- North American cover art
- Developer(s): Idea Factory Red Entertainment Laughing Jackal (PC)
- Publisher(s): JP: Compile Heart; NA: Aksys Games; EU: Ghostlight;
- Platform(s): PlayStation 3, Microsoft Windows
- Release: PlayStation 3JP: November 18, 2010; NA: June 26, 2012; EU: August 31, 2012; Microsoft Windows February 19, 2015
- Genre(s): Tactical role-playing
- Mode(s): Single-player

= Record of Agarest War 2 =

2010 video game

Record of Agarest War 2, known as Agarest Senki 2 (アガレスト戦記2, Agaresuto Senki 2) in Japan and as Agarest: Generations of War 2 in Europe, is a tactical role-playing game developed by Idea Factory and Red Entertainment. It was published in Japan by Compile Heart on November 18, 2010 for the PlayStation 3. A Windows version was released on February 19, 2015. It is the sequel to the 2007 game Record of Agarest War and the third game in the series.

A patch via download allows for use of a PlayStation Move motion controller for certain mini-games.

The Soul Breeding system receives a new additional feature with the implementation of a "Dark Love" ending which occurs if the relationship rate is low with the chosen mate. Rather than a happy wedding, the main character has a marriage with his bride for political interests and enters a loveless relationship to conceive a child, resulting in poor stats for the next protagonist.

==Plot==
One day, the world was enveloped by a mysterious blinding light. The destruction it caused was terrible, even as the light itself was sublime in its beauty, and it made those who witnessed the awesome display think of the unrestrained rage and fury of the divine.

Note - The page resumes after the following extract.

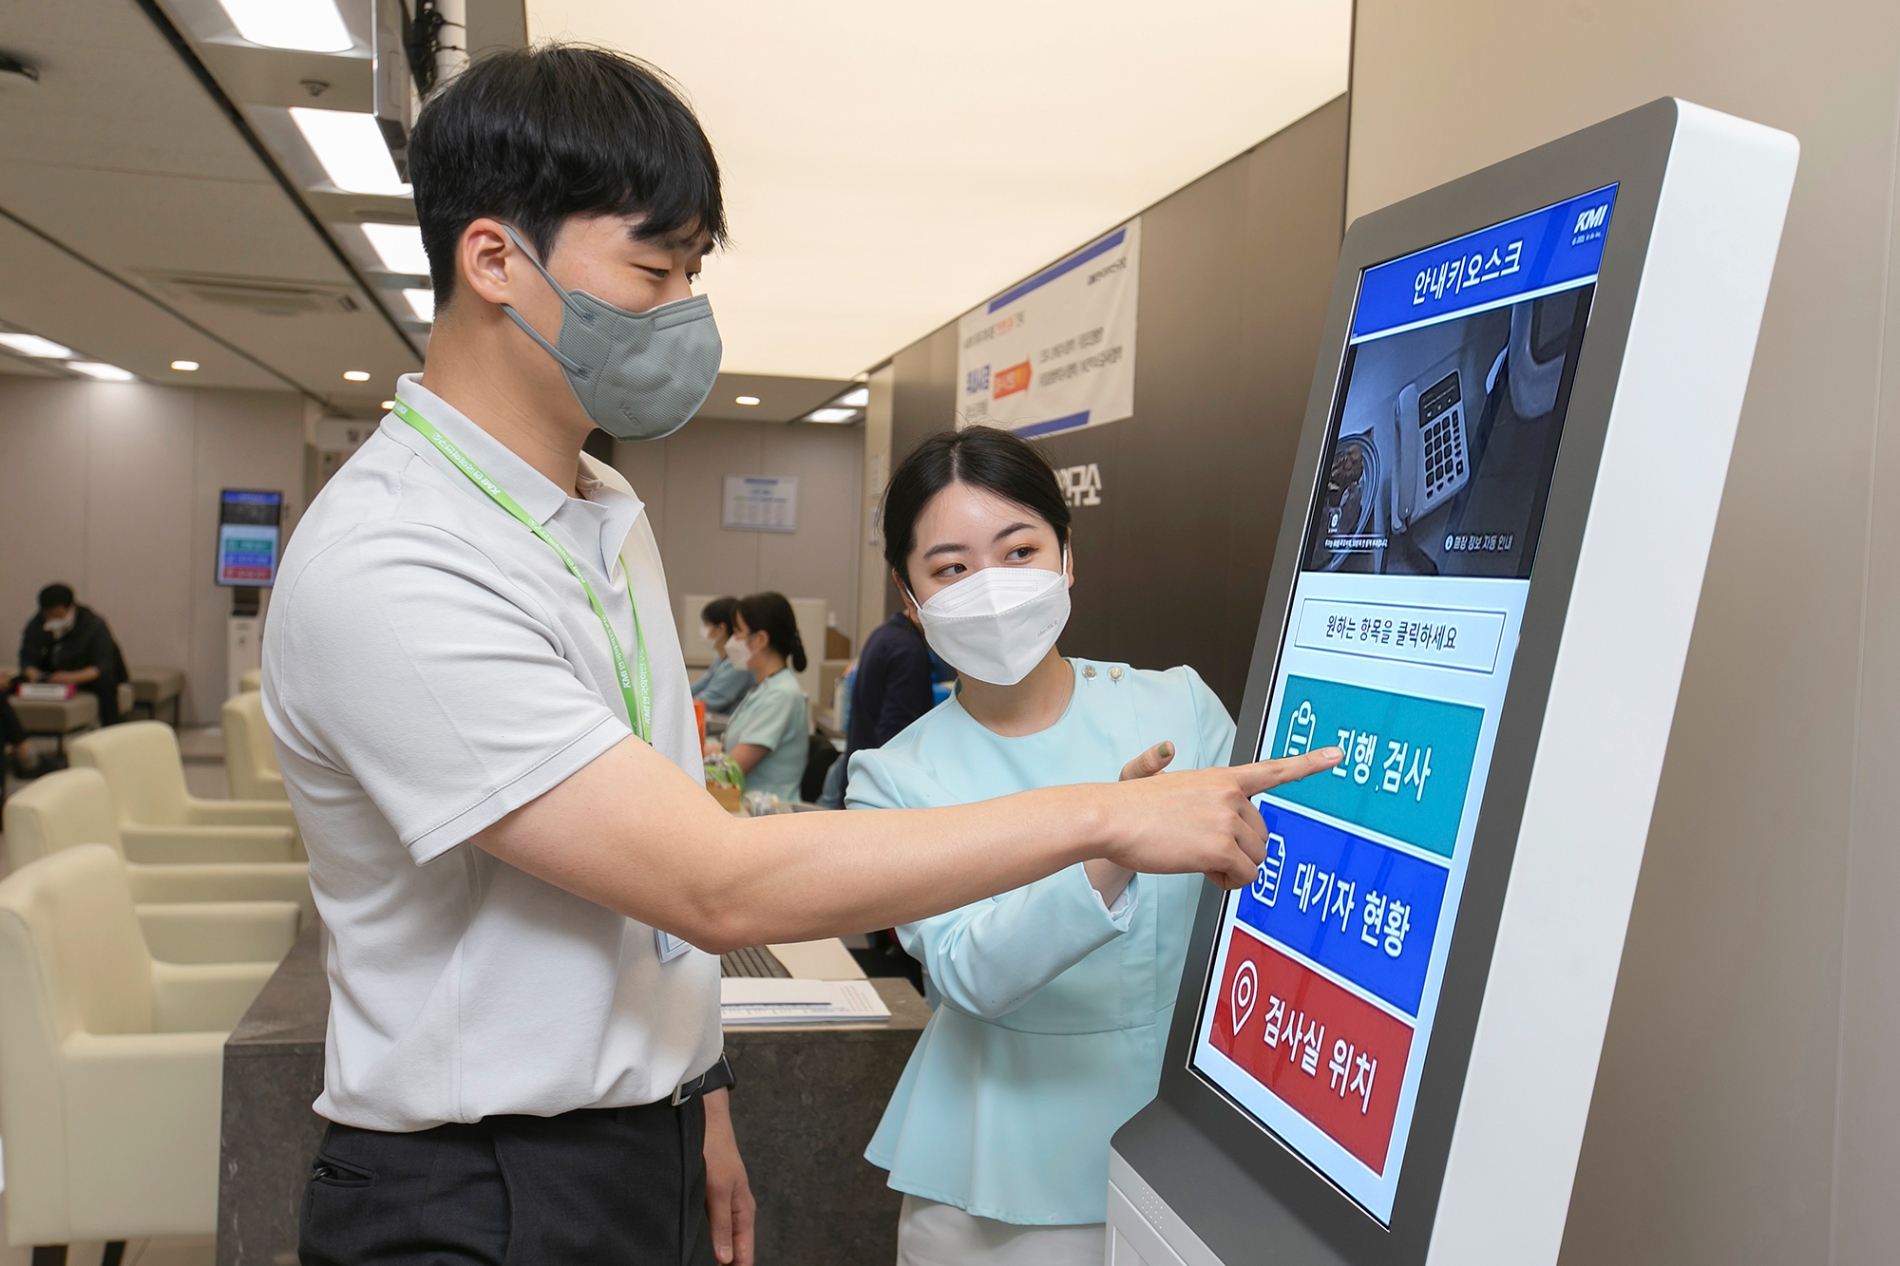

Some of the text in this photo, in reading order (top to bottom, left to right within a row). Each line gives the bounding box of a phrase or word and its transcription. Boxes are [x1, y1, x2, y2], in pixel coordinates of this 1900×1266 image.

The central continent, from where the light is believed to have originated from, went silent, while at the same time demons began to spread throughout the world like a plague. Amongst the survivors of the catastrophe, that fateful day became known as the "Day of Light."

Sometime after the events of the Day of Light, a young man by the name of Weiss, who had lost all memory of himself, encounters an enigmatic woman named Eva, who introduces herself as an Agent of the Divine. It is from her that Weiss learns that he has committed the grievous sin of deicide, and that in order for him to atone for his crime he is to become the "Vessel" in which the power of the divinity he had slaughtered will be stored. For it will be that power that will be used to resurrect the one whose life he stole.

For those who betray the divine will pay for their sins in the space which separates salvation and damnation, as will their progeny...

==Gameplay==

===Differences/Improvements===
There are many changes and improvements from the original Agarest games.
- There are only 3 generations in this game.
- There are 18 members in this game: 7 in the First Generation, 6 in the Second Generation and 5 in the Third Generation.
- Featured in the game Trinity Universe, Agarest uses the AAA (Active Animation Adventure) system. It is more fluid than Agarest War Zero.
- Party members now have relationship ratings.
- Only up to 4 party members can be on the field instead of 6.
- Party Members who are not in play will still receive EXP Points.
- You can switch the party members on the field using the Leader command.
- PP (Party Points) can now be distributed to two new categories called Dex (Dexterity, which replaces Luck) and Mnd (Mind, which affects your Resistance).
- When you level up, most of the PP you receive is automatically distributed, but you can still retract them if necessary.
- First game in the Agarest series where you can choose any bride regardless of relationship level, with the stats for the next protagonist getting higher or lower depending on it.
- You can travel the world map like normal RPGs, while traverse points still use the point to point map.
- Battle system has been changed to the system Cross Edge uses.
- EX Skills are now called Original Skills.
- Will Power has been removed, EX Skills replaces Will Power.
- EP has been removed, everything EPs were used for now use gold instead.
- Certain CGs are not still images, and are moving and more active.
- First Agarest game to feature minigames that can utilize the PlayStation Move.
- First Agarest game where the player is capable of traveling to all 5 continents during the First Generation.
- Now uses HD sprites instead of standard sprites.